Despite all the technology and gadgetry we have developed, we are still a species intimately tied to astronomical time scales. The tick-tock of our watches is based on the twirl of our planet on its axis (a day) and our calendars on the swing of Earth around the Sun (a year). It is easy to forget in the grind of day-to-day life that our Earth orbits a ball of fire in the vast expanse of the universe, its tilt, orbit, and wobble all influential to the creatures within.
When you expand out – past the city, country, and even our planet – geological time scales reveal a bigger story. Scientists call it the "Astronomical Time Scale": periodic variations in Earth’s tilt and orbit to the Sun that influence our planet’s climate and, therefore, sedimentation sensitive to these influences. This means there is a record of the movement of Earth frozen in sediment spanning tens of millions of years.
However, researchers get stuck like flies in sticky measuring tape at 50 million years back. At this point, they find “solar system chaos” messing up their ordered calculations and predictions. An uphill battle has been waged to overcome this chaos and extend the astronomical time scale.

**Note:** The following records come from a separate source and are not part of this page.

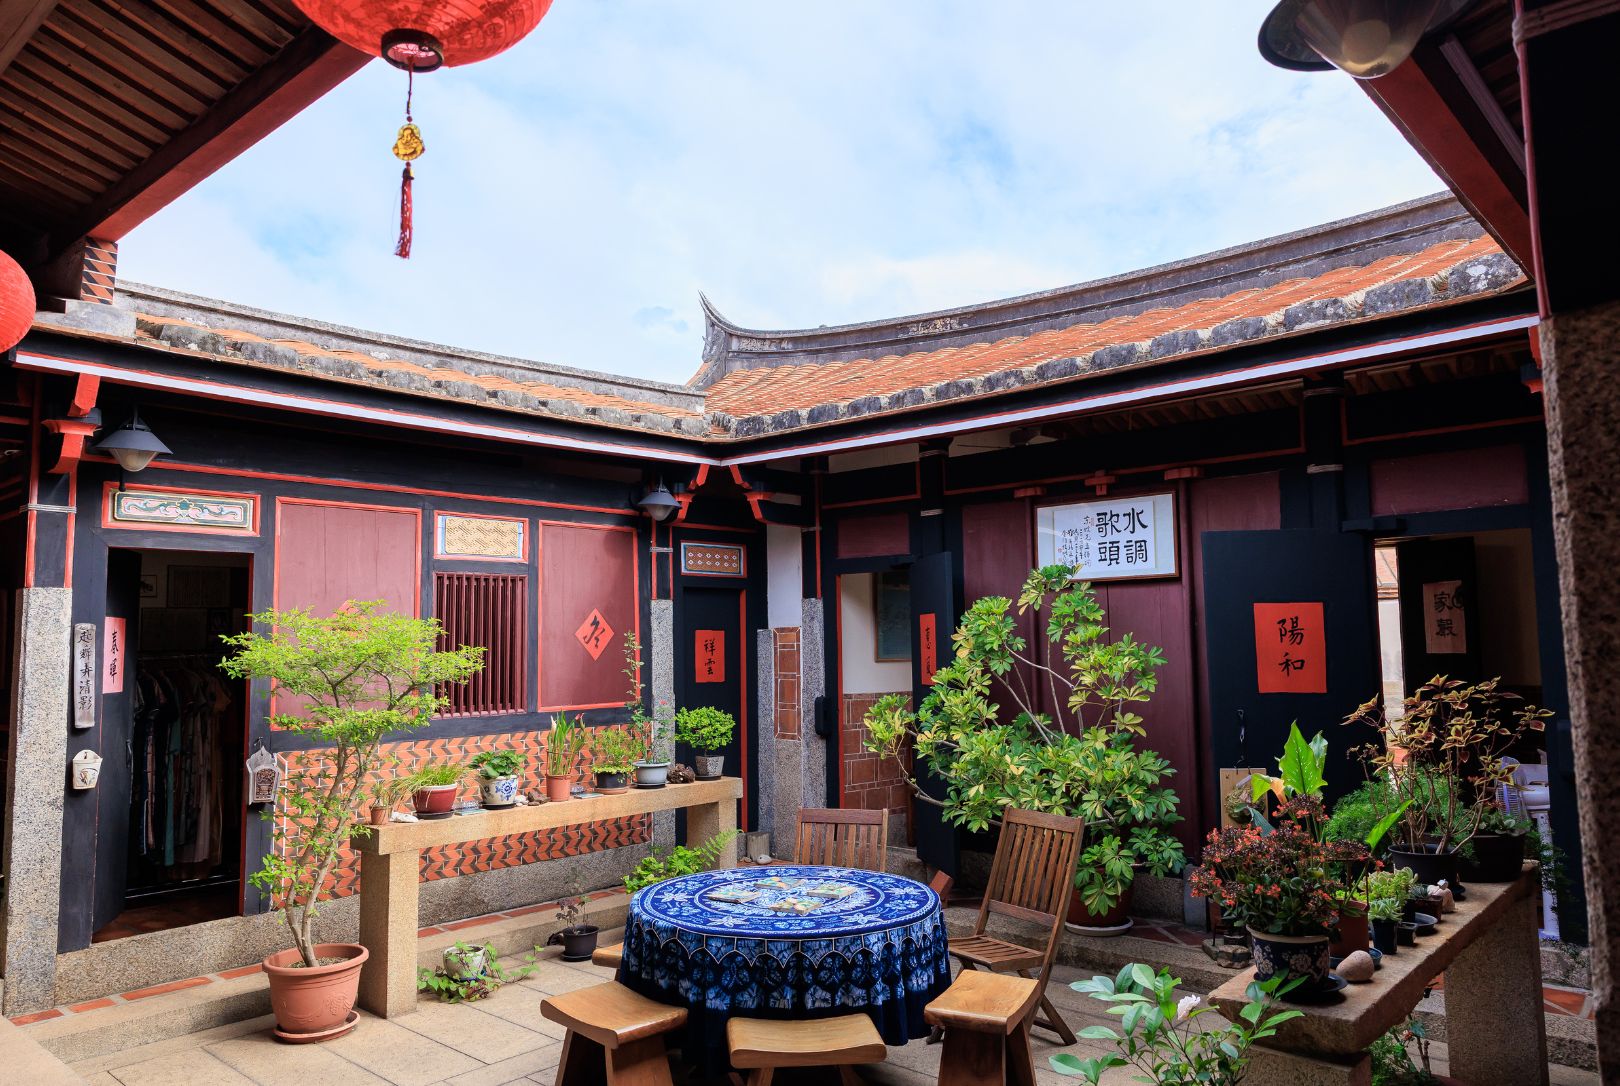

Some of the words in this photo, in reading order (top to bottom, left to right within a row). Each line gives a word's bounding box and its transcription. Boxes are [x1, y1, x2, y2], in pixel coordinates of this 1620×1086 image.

[1095, 509, 1121, 567] 歌頭
[1122, 507, 1149, 565] 水調
[704, 638, 716, 676] 祥雲
[1277, 616, 1305, 676] 陽和
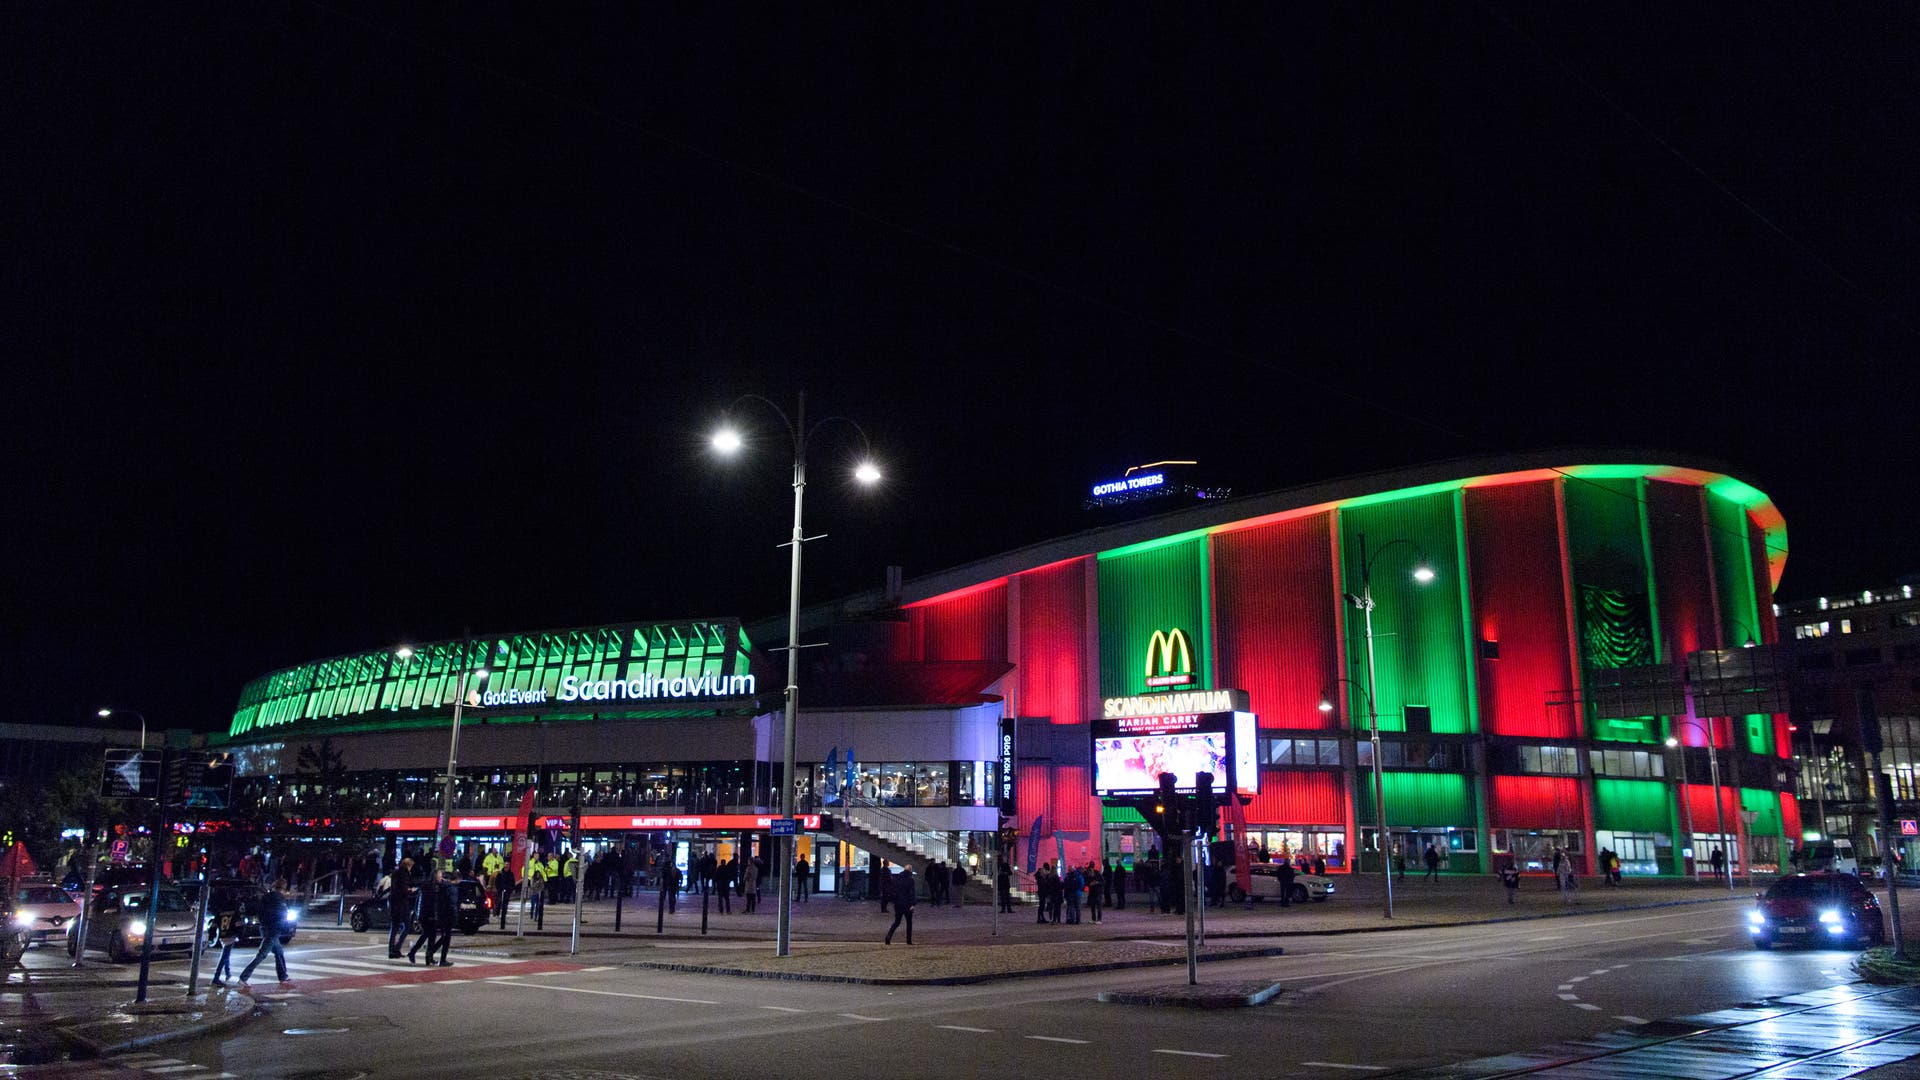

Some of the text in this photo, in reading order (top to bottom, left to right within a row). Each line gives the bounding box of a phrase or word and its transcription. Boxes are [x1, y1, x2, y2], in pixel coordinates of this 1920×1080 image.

[1094, 474, 1163, 495] GOTHIA TOWERS
[561, 670, 755, 701] Scandinavium
[483, 687, 547, 706] Got Event
[1104, 690, 1231, 717] SCANDINAVIUM
[1119, 715, 1198, 727] MARIAH CAREY
[1003, 735, 1011, 756] Glöd
[1003, 757, 1011, 774] Kök
[1003, 784, 1011, 799] Bar
[546, 819, 558, 827] VIP
[632, 818, 668, 826] BILJETTER
[673, 818, 702, 826] TICKETS

Now a team of two researchers has published work in Science that extends the time scale back 8 million years. The duo – Richard Zeebe from the University of Hawai'i at Manoa and Lucas Lourens from Utrecht University – analyzed deep-sea drill cores from the South Atlantic Ocean dated to between 58 and 53 million years ago. The samples revealed information about Earth’s orbital eccentricity.
"This was truly stunning," Zeebe said in a statement. "We had this one curve based on data from over 50-million-year-old sediment drilled from the ocean floor and then the other curve entirely based on physics and numerical integration of the Solar System. So the two curves were derived entirely independently, yet they looked almost like identical twins."
Such an agreement has been seen before – the real breakthrough is in the extra 8 million years they were able to gain from the process. The work provides a new time-stamp for the Paleocene-Eocene boundary (56.01 million years ago) and suggests a dramatic ancient warming event known as the Paleocene-Eocene Thermal Maximum was nudged across a tipping point when Earth reached an eccentricity maximum, essentially a change in Earth’s orbit around the Sun.
This, however, cannot be used to justify today’s climate change, Zeebe warns. "None of this will directly mitigate future warming, so there is no reason to downplay anthropogenic carbon emissions and climate change."
The team also discovered a change in the interaction of Earth’s and Mars’ orbits, which influences their "amplitude modulation" (a beat in music terminology).
"You can hear amplitude modulation when tuning a guitar. When two notes are nearly the same, you essentially hear one frequency, but the amplitude varies slowly – that's a beat," said Zeebe. "The change in beats is a clear expression of chaos, which makes the system fascinating but also more complex. Ironically, the change in beats is also precisely what helps us to identify the solution and extend the astronomical time scale."